Police would be armed with mobile fingerprint scanners and drug detectors in a Baird government cash splash on law and order, fulfilling its pledge to get tough on crime. As promised before the election, the “Policing for Tomorrow” fund allocates $100 million over four years to give police the latest technology. Police would bid for equipment such as tablet computers so frontline officers can access police data in the field, or hand-held machines that scan for narcotics. The fingerprint scanner would enable instant identification of offenders. Police minister and Deputy Premier Troy Grant, a former country cop, said the fund would “future-proof” the force and ensure police have access to the latest crime-fighting technology, “freeing them up to spend more time on the beat, protecting the community”.
A separate $3.65 million will continue the rollout of body-worn cameras for frontline officers.
Treasurer Gladys Berejiklian said although the government has cut public sector wages growth, it was boosting frontline staff including police. The government will appoint 310 new police officers by 2018, including 250 specialist police and 15 specialist civilian staff. By the end of 2018, police numbers are expected to reach 16,795, up from 15,806 in 2011 when the government came to power. Of $69.6 billion total government spending on services next financial year, about 10 per cent will be devoted to public order and safety. Acknowledging the key role police play in combating family violence, the government will appoint 24 domestic violence specialist police. Spending on police expenses totals $3.3 billion. Over four years, $17.1 million will be used to support injured police. As part of a separate $178 capital works budget – the largest on record – police stations will be built or refurbished in Deniliquin, Gunnedah, Bay and Basin, Liverpool, Moss Vale, Tweed Heads, Lake Macquarie, Riverstone and Walgett.

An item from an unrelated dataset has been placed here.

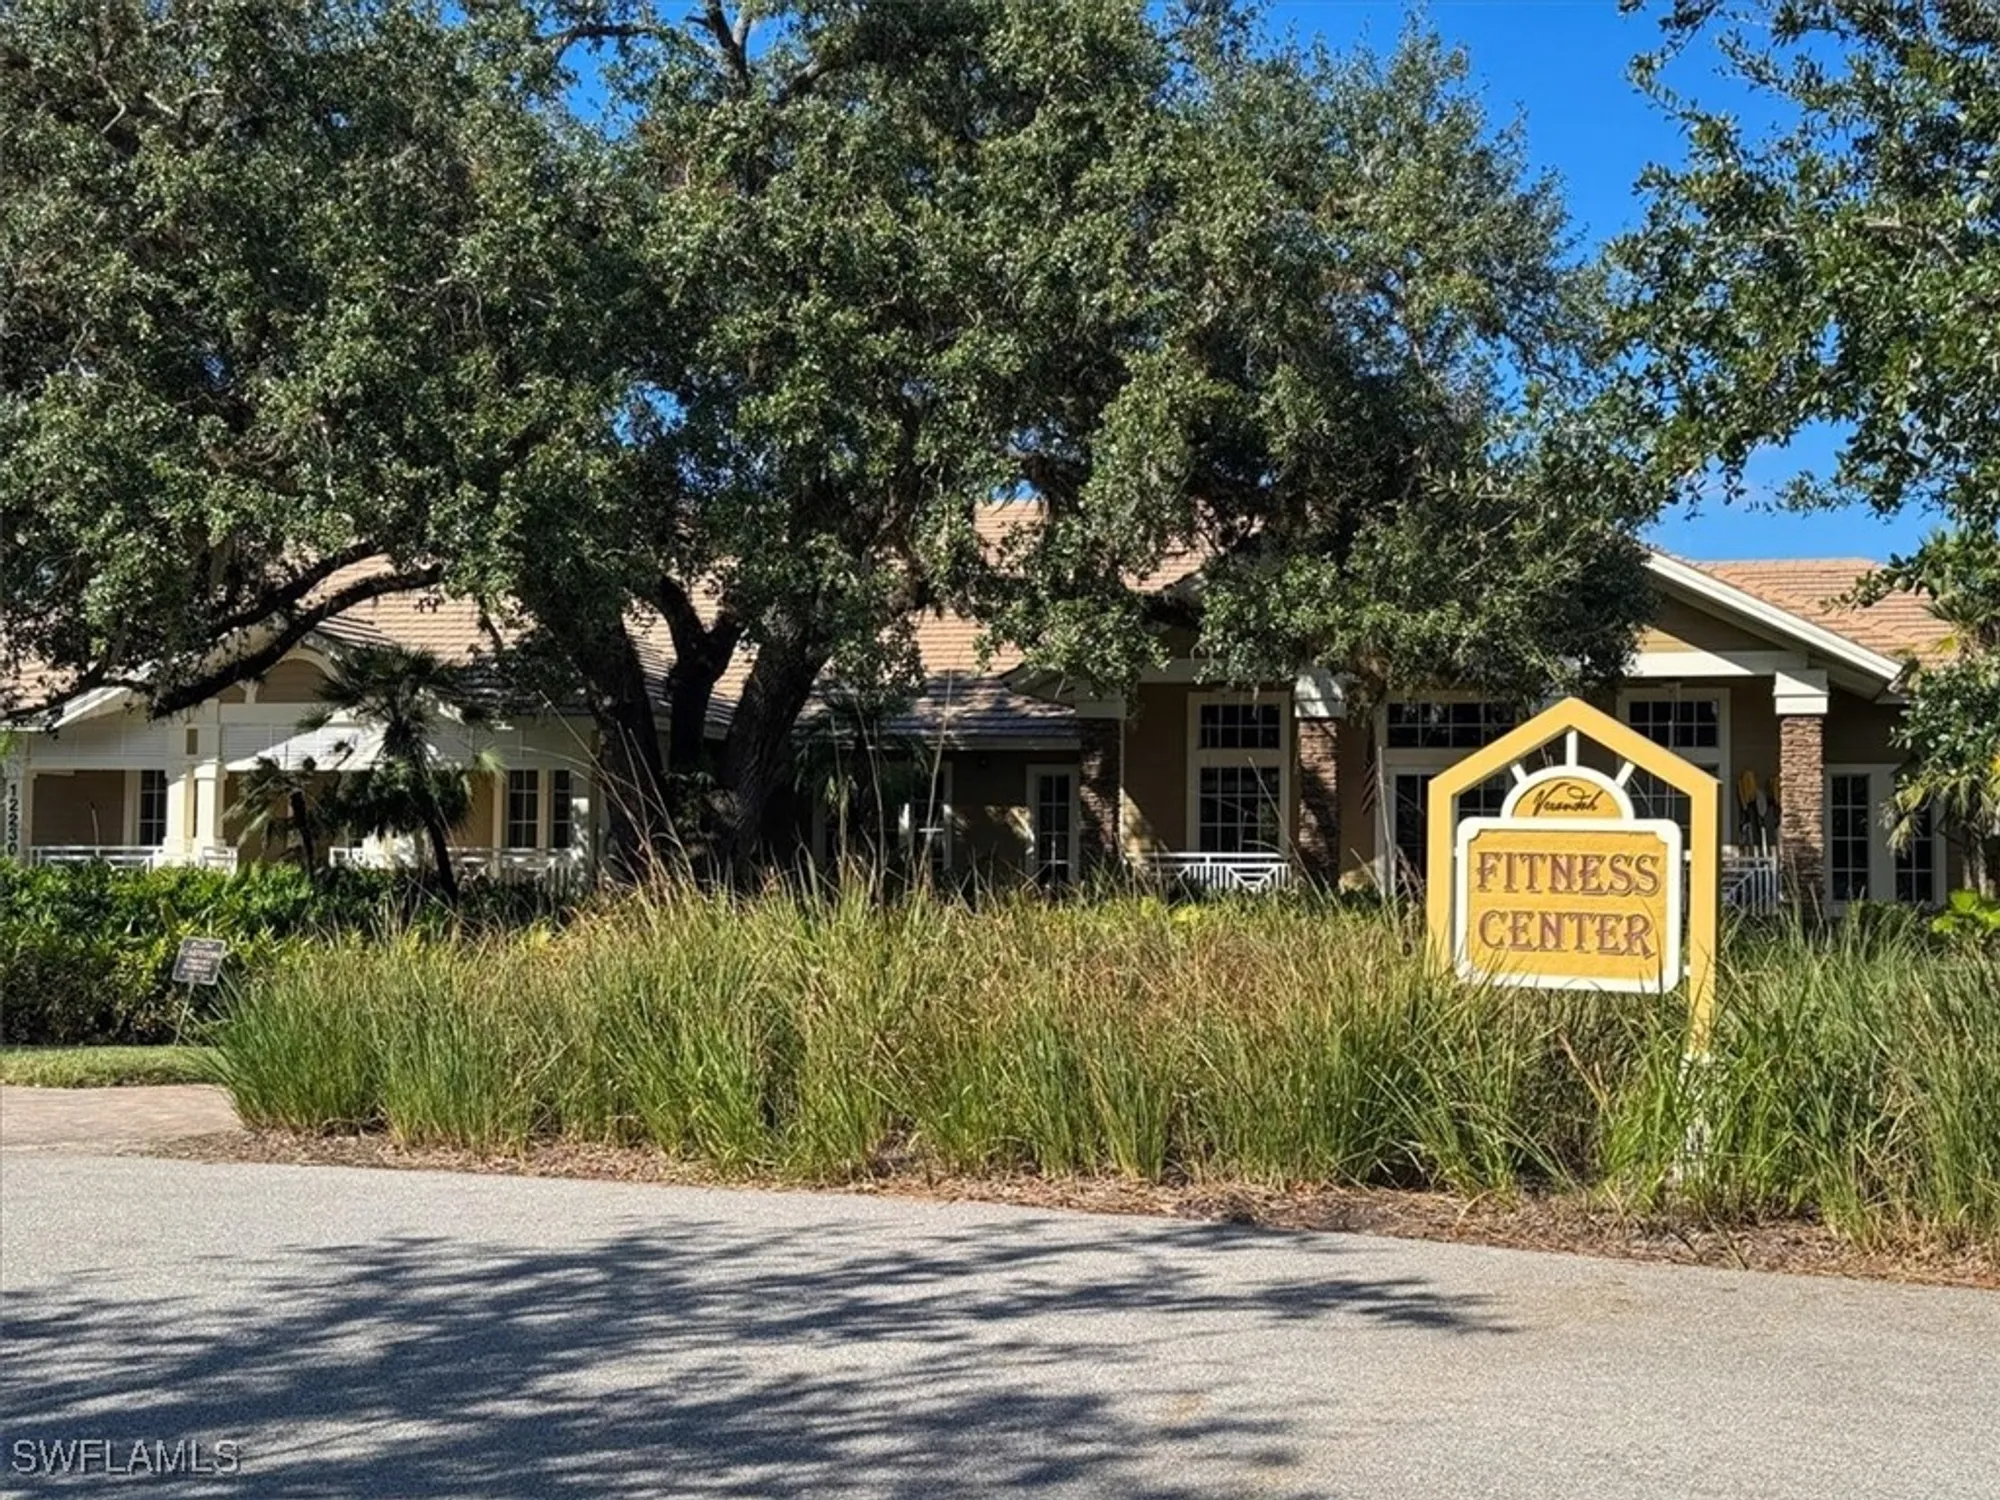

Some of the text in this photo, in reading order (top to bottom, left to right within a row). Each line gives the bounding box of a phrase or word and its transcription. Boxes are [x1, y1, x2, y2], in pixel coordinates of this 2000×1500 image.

The government has already announced an extra 1000 beds will be added to the state’s prison system, including a new private jail at Grafton and expansion of the Parklea Correctional Centre. NSW prisons are presently bursting at the seams due to tougher bail laws and law enforcement. The government has also allocated $4 million over two years to counter violent extremism through early itervention programs. NSW Attorney-General Gabrielle Upton promised to make access to justice faster and easier by investing in courts and expanding technology use in the justice system, saying “justice delayed is justice denied”. More than $227 million will be granted to the Legal Aid Commission of NSW, after the federal government cut legal assistance to the vulnerable.

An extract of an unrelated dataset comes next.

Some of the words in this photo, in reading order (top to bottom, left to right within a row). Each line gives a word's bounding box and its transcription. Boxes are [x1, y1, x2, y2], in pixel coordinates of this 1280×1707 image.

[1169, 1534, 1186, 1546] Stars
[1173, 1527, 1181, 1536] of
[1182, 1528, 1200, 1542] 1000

Almost $32 million will be spent over four years building a new Coroner’s Court, in a joint project with NSW Health. Court buildings will be upgraded in Newcastle and Wagga Wagga, costing $31.6 million. Fire fighters and emergency services will receive $1.14 billion next financial year. Fire and Rescue NSW is allocated almost $700 million, plus funding to refurbish fire stations and the replacement of vehicles. The Rural Fire Service’s power to fight remote bushfires will be boosted by $9.8 million for large air tankers, plus funds for fire trails and volunteer training centres.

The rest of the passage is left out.